Absolutely handsome fella!! ♡♡ And it's hard to tell w the different camera angles but I'd say his chest has definitely widened some.


----------



## Black Kali

Malachi'sMama said:


> Absolutely handsome fella!! ♡♡ And it's hard to tell w the different camera angles but I'd say his chest has definitely widened some.


Thanks  I know it's hard to tell judging by photos, but it definitely looks like gained a tiny bit of space between his front legs. Though, he still have the same width behind his elbows (chest girth). I hope he will gain more so he can correct his feet a bit more. 

Only thing that I know is changed for sure is his head


----------



## ThroughYska'sEyes

I'm slightly drooling over him. 

I have a white female right now around Brick's age and She looks a lot like him being more narrow and athletic, though shes definitely not as tall! 

My ultimate goal is to get either a dark sable male or an all black in the future so seeing him is making me all excited. He's a very Handsome boy!


----------



## Black Kali

ThroughYska'sEyes said:


> I'm slightly drooling over him.
> 
> I have a white female right now around Brick's age and She looks a lot like him being more narrow and athletic, though shes definitely not as tall!
> 
> My ultimate goal is to get either a dark sable male or an all black in the future so seeing him is making me all excited. He's a very Handsome boy!


Thank you  he's a bit fuller right now (21 months old) but still leggy and narrow for my taste  and as time is passing by, I think he will stay that way.

Do you have link to your girl's thread, I would love to see her.


----------



## Deb

Handsome boy!

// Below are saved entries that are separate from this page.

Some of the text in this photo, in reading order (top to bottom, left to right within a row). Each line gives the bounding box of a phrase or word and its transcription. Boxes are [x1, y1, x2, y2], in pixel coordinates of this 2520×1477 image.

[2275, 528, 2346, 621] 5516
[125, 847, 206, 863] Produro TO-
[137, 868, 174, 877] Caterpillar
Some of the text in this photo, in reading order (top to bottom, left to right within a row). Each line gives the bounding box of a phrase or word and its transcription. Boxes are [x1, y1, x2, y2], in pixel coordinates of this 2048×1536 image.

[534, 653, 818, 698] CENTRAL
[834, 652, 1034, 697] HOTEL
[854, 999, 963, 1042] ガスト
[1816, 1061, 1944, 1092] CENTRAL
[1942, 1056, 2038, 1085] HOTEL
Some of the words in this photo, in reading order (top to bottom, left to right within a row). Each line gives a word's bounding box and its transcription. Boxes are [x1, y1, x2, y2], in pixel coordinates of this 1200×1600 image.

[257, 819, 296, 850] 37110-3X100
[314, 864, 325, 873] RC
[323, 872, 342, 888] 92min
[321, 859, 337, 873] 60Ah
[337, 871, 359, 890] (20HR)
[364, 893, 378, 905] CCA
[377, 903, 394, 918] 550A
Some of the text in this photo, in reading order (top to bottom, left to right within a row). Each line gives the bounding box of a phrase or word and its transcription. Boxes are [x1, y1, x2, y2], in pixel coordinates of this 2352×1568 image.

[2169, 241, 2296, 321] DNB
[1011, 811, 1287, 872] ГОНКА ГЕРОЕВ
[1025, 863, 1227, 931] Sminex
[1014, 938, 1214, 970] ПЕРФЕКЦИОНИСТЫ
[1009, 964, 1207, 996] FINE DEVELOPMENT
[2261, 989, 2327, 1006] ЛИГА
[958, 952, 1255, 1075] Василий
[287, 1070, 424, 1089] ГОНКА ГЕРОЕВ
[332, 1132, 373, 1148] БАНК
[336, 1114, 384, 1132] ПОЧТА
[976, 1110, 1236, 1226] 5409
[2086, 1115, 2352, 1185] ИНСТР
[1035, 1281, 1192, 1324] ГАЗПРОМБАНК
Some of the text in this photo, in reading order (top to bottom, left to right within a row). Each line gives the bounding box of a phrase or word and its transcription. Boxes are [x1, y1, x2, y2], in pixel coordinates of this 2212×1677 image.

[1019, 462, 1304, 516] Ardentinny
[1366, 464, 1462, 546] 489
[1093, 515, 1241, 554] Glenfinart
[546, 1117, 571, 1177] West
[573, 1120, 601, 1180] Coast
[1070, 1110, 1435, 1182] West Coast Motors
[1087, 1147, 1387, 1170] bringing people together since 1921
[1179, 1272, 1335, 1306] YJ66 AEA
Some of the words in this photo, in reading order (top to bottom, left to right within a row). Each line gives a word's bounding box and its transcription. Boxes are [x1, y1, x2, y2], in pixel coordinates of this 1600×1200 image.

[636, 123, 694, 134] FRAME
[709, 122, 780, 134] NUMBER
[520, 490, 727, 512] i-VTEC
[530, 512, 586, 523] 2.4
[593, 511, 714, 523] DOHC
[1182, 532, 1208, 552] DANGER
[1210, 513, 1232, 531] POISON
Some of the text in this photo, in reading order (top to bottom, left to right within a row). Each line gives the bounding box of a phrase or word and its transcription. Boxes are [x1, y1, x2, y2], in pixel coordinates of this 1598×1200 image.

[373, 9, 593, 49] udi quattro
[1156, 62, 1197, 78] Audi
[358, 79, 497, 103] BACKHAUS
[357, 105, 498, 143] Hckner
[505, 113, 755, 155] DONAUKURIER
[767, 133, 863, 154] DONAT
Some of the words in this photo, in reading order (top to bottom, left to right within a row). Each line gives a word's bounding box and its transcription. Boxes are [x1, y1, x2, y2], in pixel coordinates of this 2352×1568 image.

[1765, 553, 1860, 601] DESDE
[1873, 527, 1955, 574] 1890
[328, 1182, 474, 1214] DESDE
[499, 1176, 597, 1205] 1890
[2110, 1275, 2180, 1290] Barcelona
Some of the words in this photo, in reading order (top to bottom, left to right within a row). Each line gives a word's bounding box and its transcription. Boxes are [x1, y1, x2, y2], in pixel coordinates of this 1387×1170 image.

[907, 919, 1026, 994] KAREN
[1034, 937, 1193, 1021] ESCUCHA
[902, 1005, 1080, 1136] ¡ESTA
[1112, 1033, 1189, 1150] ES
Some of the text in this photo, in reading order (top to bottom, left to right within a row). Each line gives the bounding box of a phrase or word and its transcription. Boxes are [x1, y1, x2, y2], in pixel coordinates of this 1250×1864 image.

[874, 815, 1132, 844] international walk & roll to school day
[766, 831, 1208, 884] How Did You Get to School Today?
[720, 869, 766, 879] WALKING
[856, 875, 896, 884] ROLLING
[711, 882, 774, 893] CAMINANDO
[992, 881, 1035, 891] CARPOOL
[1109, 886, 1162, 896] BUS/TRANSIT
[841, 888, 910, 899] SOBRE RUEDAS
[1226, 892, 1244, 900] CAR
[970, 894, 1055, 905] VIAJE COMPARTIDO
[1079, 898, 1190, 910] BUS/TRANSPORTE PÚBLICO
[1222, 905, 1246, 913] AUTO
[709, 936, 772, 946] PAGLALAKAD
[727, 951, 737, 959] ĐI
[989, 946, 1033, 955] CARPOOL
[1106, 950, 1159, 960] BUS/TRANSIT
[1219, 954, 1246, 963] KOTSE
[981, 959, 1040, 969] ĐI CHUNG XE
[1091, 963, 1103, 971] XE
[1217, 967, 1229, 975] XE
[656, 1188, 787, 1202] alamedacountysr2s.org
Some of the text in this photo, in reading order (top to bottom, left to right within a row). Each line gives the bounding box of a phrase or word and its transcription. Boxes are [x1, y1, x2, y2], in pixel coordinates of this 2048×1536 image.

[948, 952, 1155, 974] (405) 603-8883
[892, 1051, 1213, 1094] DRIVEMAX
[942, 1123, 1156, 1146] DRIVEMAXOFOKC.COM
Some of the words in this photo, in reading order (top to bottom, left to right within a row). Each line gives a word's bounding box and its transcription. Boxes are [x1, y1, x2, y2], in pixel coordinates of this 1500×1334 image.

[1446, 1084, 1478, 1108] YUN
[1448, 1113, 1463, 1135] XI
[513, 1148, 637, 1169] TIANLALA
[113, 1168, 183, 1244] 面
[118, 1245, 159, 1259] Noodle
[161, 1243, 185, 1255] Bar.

And you are one heck of a photographer!


----------



## Black Kali

Deb said:


> Handsome boy! And you are one heck of a photographer!


Thank you :blush:


----------



## ThroughYska'sEyes

http://www.germanshepherds.com/forum/critique-my-dog/673786-alyska-15-month-wgsd.html

I actually just posted her 15 month update! its a bit late seeing as she's about to be 16 months but its not like she's gonna change much for a while aha.


----------



## ausdland

Have his narrow chest and duck feet affected his front legs or shoulders at all? My pup has a similar structure as your boy. She's 15 months and I doubt her chest will widen; she's pretty square up front.
He's a very good looking boy btw!


----------